Six years later, a friend of Jackson’s opened up about being a person living with HIV/AIDS. Soon after, Jackson’s friend died of AIDS-related complications.  

L Morgan Lee as Thought 1, Jason Veasey as Thought 5, John-Andrew Morrison as Thought 4, Jaquel Spivey as Usher, John-Michael Lyles as Thought 3, James Jackson, Jr. as Thought 2, and Antwayn Hopper as Thought 6 in "A Strange Loop."
L Morgan Lee as Thought 1, Jason Veasey as Thought 5, John-Andrew Morrison as Thought 4, Jaquel Spivey as Usher, John-Michael Lyles as Thought 3, James Jackson Jr. as Thought 2 and Antwayn Hopper as Thought 6 in "A Strange Loop."Marc J. Franklin

“What started off as just, like, a satirical take on this Tyler Perry trope then became very real for me because a friend, a very close friend in my life, turned out to be HIV positive,” he said. “Suddenly it was right at my doorstep. I just started to think about … the impact of a lot of this ideology on people living with HIV/AIDS, and it just was something that I couldn’t avoid. It became part of my story, even though I’m HIV-negative.”  

Jackson hopes that audiences can come to better understand why this messaging is so harmful.
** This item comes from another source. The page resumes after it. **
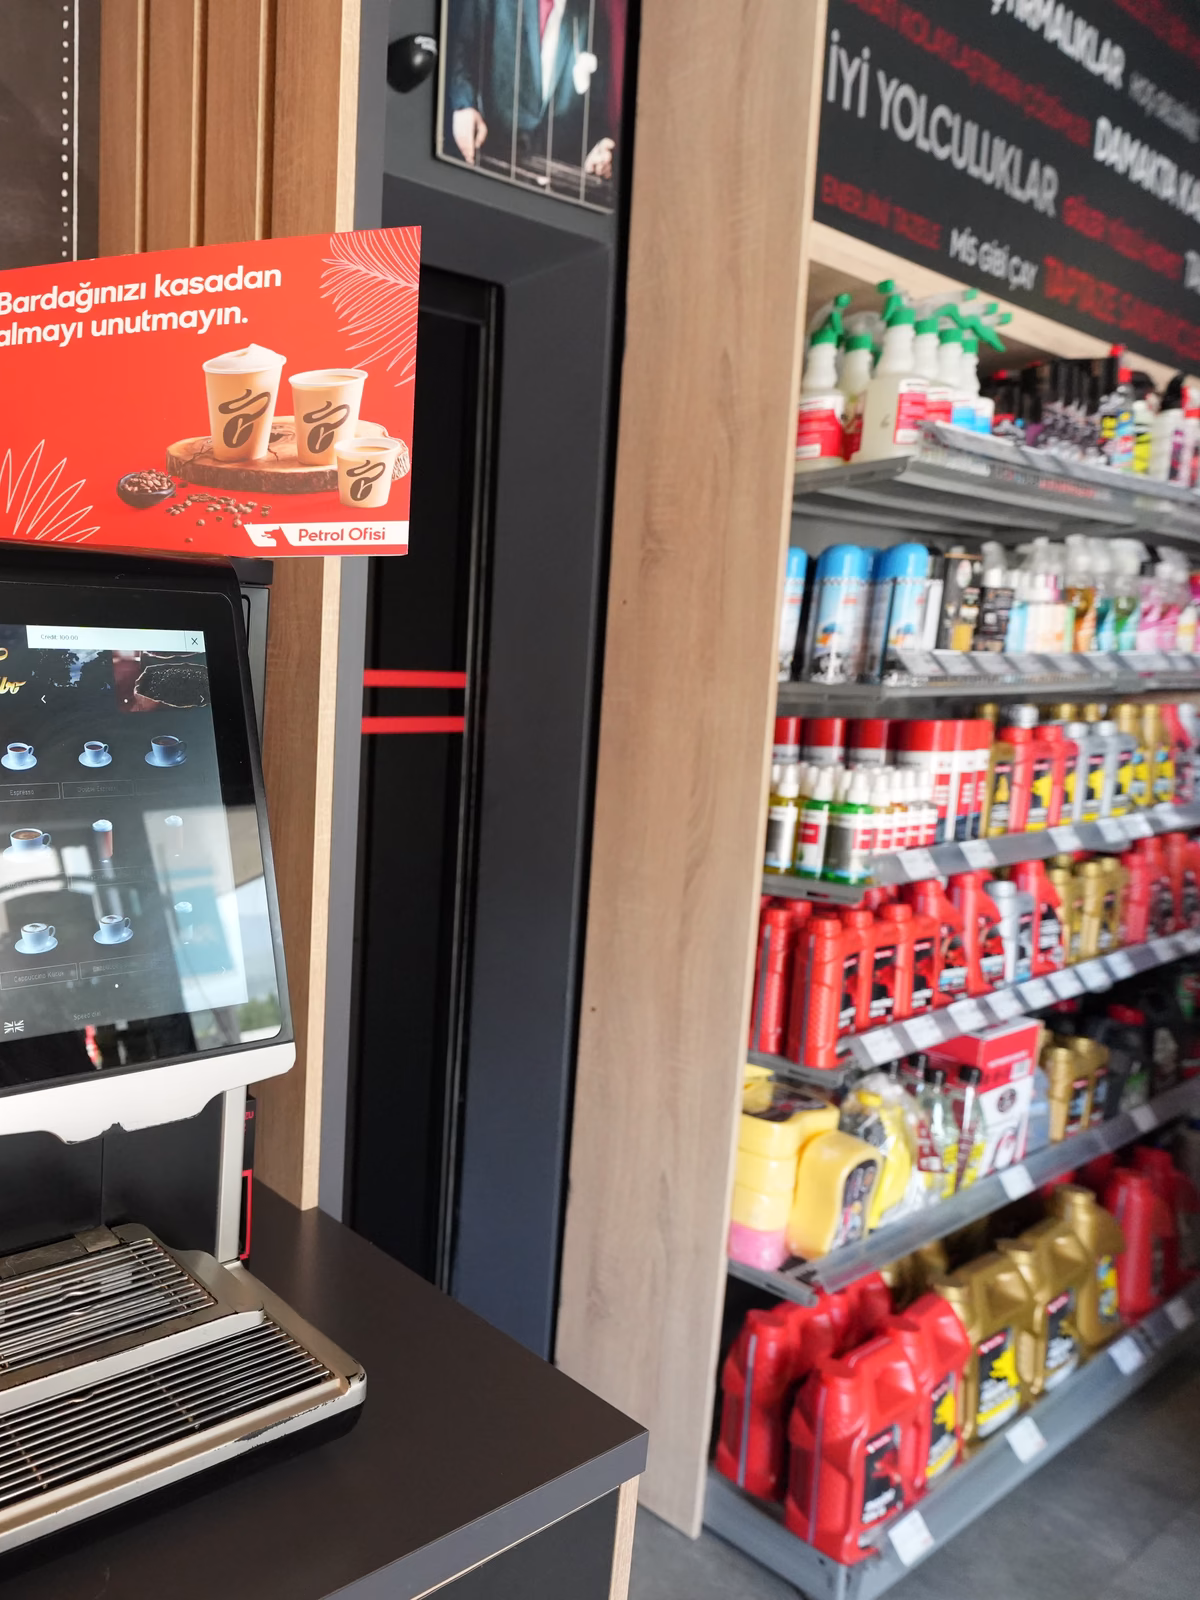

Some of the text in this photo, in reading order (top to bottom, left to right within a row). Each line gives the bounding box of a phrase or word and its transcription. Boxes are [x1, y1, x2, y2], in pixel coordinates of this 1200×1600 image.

“Something I’ve learned through this process with my friend is what I call the four S’s: silence, secrets, stigma and shame,” Jackson said. “I really saw how that affected him and how that contributed to his death.” 

It also became the inspiration behind a loop in the musical, showing how religion and homophobia can fuel deadly HIV/AIDS stigma.   
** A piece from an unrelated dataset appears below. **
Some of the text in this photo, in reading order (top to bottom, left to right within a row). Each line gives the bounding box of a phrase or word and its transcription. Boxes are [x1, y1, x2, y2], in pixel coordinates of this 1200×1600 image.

A spokesperson for Tyler Perry did not respond to a request for comment.

‘A light in the darkness’ 

Charles Ray Hamilton, 34, a TV and film writer, said it’s his third time watching “A Strange Loop” on Broadway. Hamilton says the work makes him feel seen as a Black queer person. 

The musical, Hamilton said, is “a light in the darkness not only for Black queer people in this country but anyone that feels misunderstood by their parents or someone that has a dream that they feel is not commercial or contributing to capitalism.”

Johnson saw the play two times, once with a largely Black gay male audience and another with mostly white straight people. 

“While there were striking differences in responses from each of those audiences for obvious reasons, what cut across both is that the themes of this brilliant musical are universal, despite the specificity of Black queer life,” Johnson wrote in an email. 

“My hope is that this 'big, black queer-ass American Broadway show' marks the beginning of a cultural shift in what is possible when you see others as first and foremost, human,” he added.

Earning a Tony Award for “A Strange Loop,” Jackson said, would attest to the decades spent refining a piece that is tightly knit into the fabric of his identity and life. 

“It would be an affirmation of just really sticking to your guns and being authentic and real and true,” he said. “That’s why I’m rooting for us to bring home the gold on Sunday.”